- EXERCISE INSTRUCTIONS
Any image in the records is to be dropped, and everything else duplicated precisely.

- THE INPUT
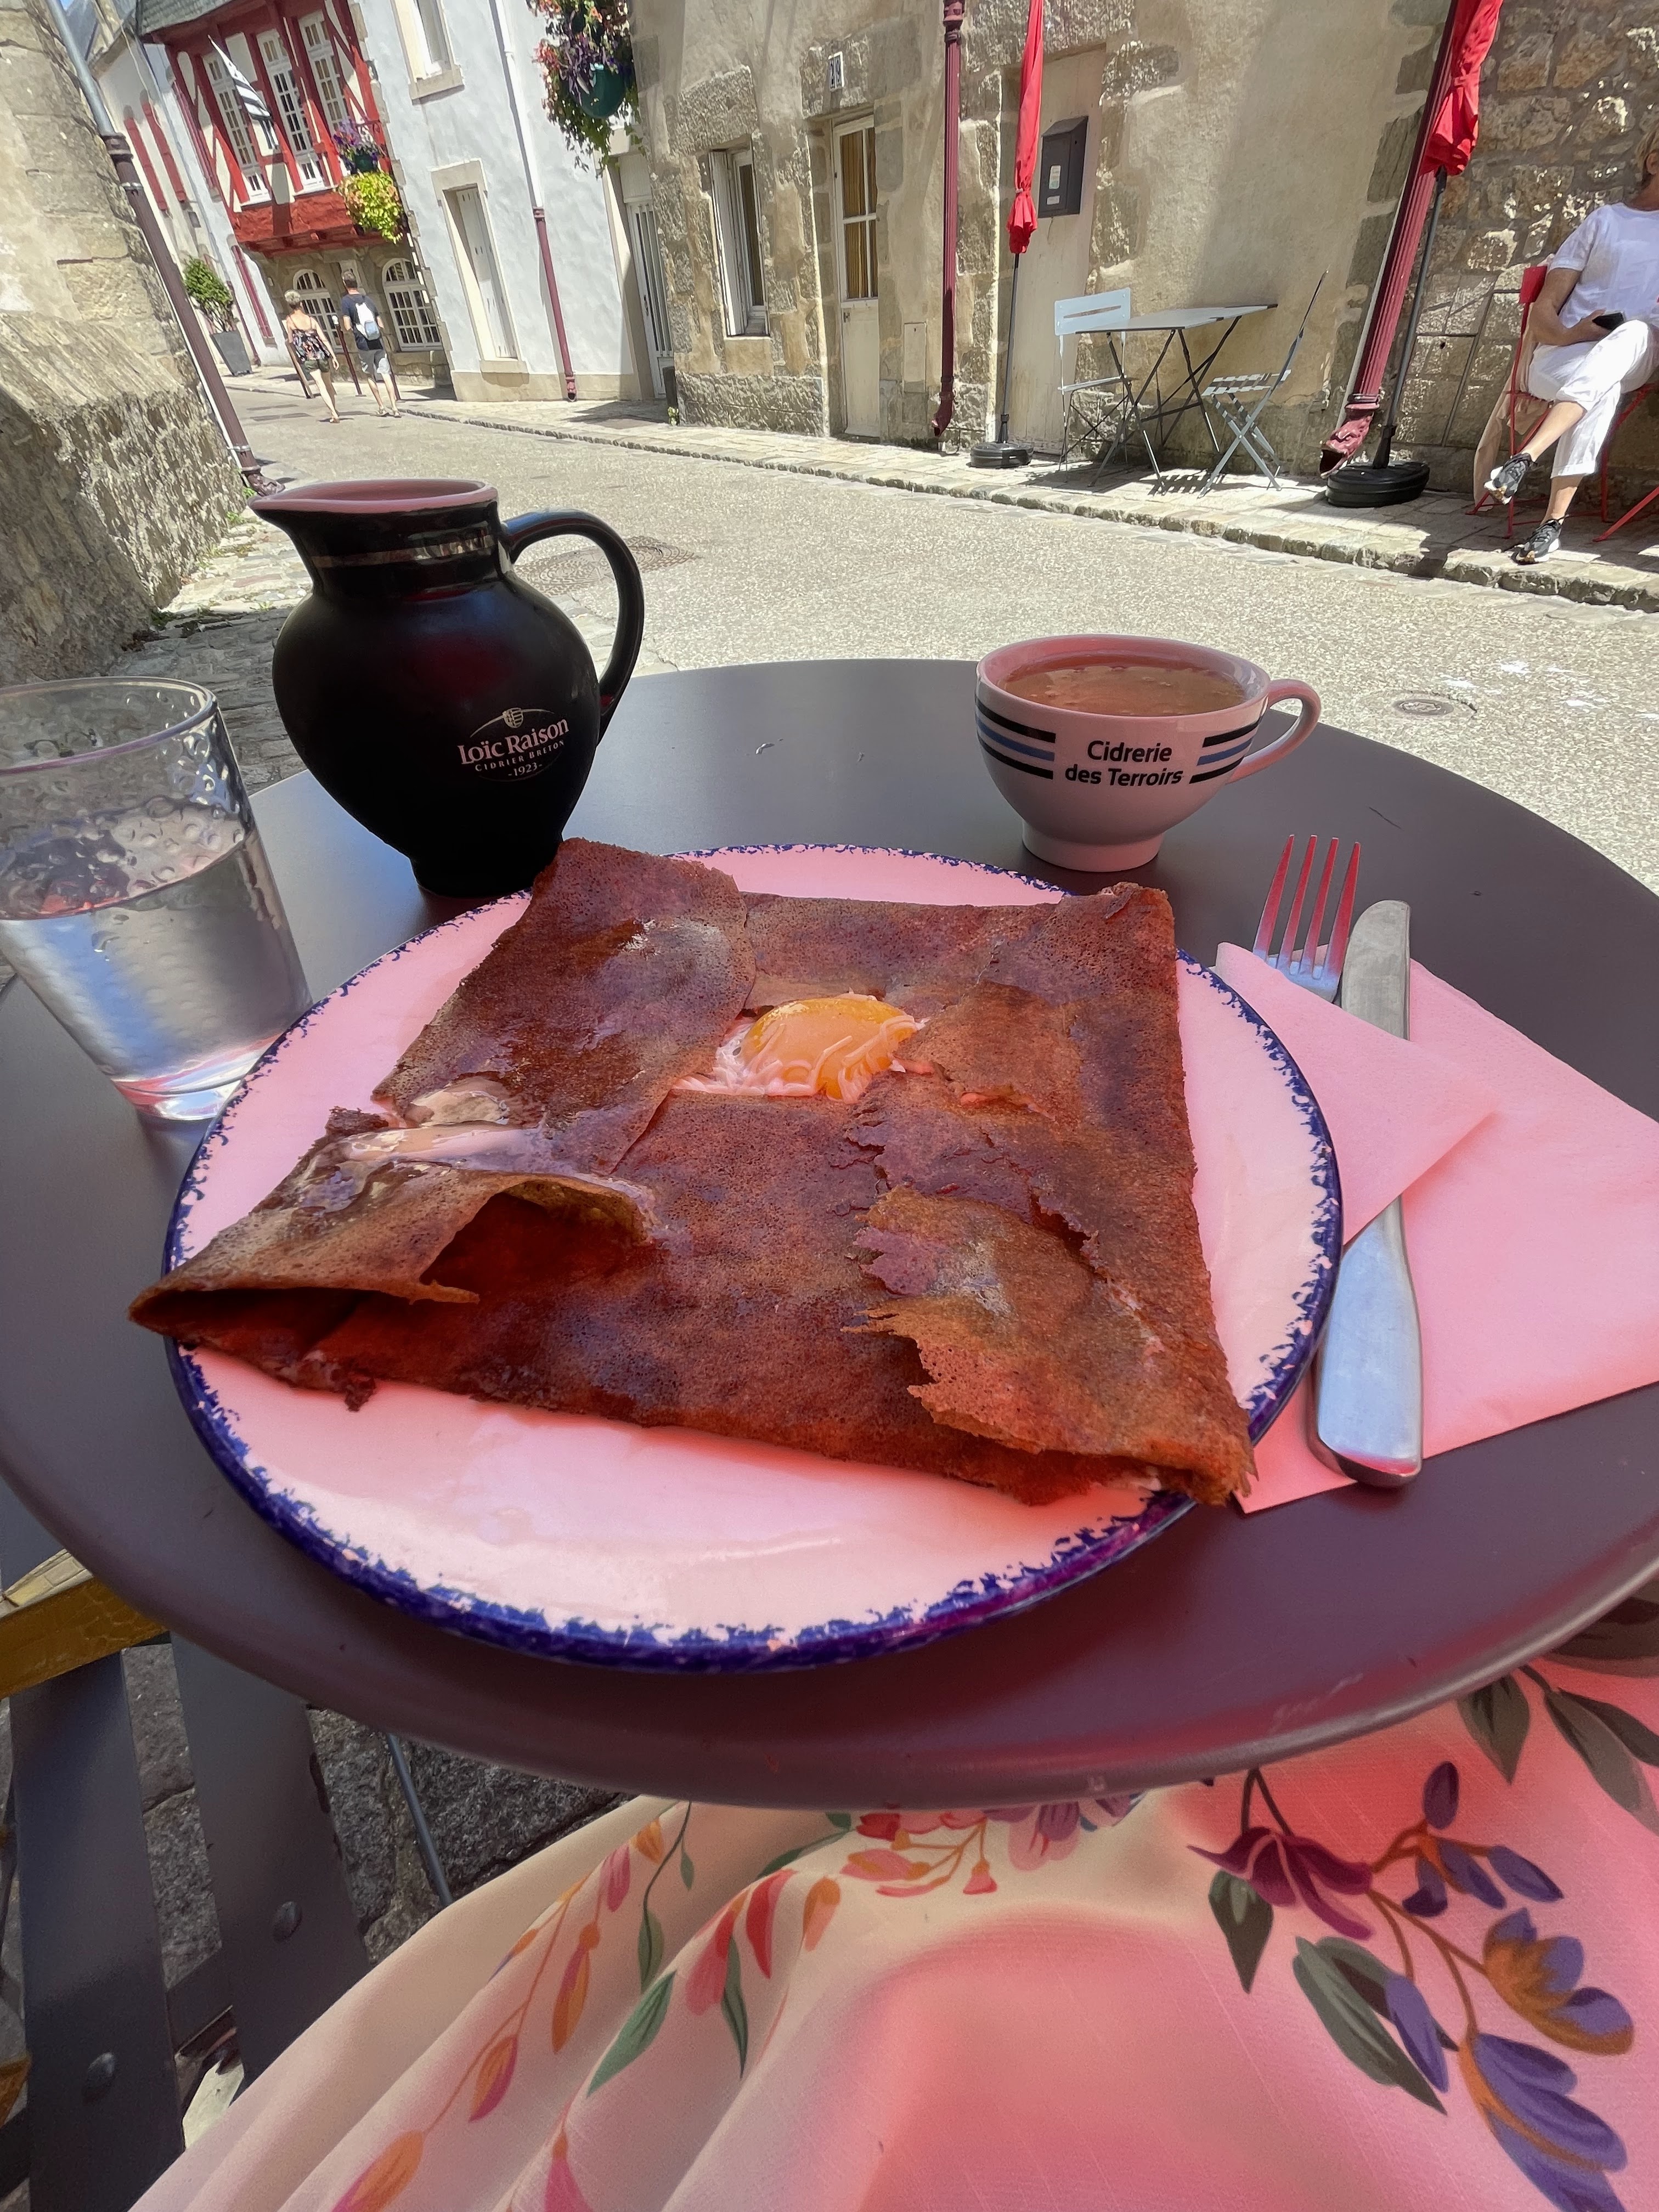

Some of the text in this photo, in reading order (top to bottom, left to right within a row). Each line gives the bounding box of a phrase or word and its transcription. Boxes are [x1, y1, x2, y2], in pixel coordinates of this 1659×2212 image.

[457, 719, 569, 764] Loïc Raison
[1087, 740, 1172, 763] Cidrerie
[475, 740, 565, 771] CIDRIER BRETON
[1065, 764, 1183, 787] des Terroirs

- RESPONSE TO THE TASK
Some of the text in this photo, in reading order (top to bottom, left to right within a row). Each line gives the bounding box of a phrase or word and its transcription. Boxes are [x1, y1, x2, y2], in pixel coordinates of this 1659×2212 image.

[457, 719, 569, 764] Loïc Raison
[1087, 740, 1172, 763] Cidrerie
[475, 740, 565, 771] CIDRIER BRETON
[1065, 764, 1183, 787] des Terroirs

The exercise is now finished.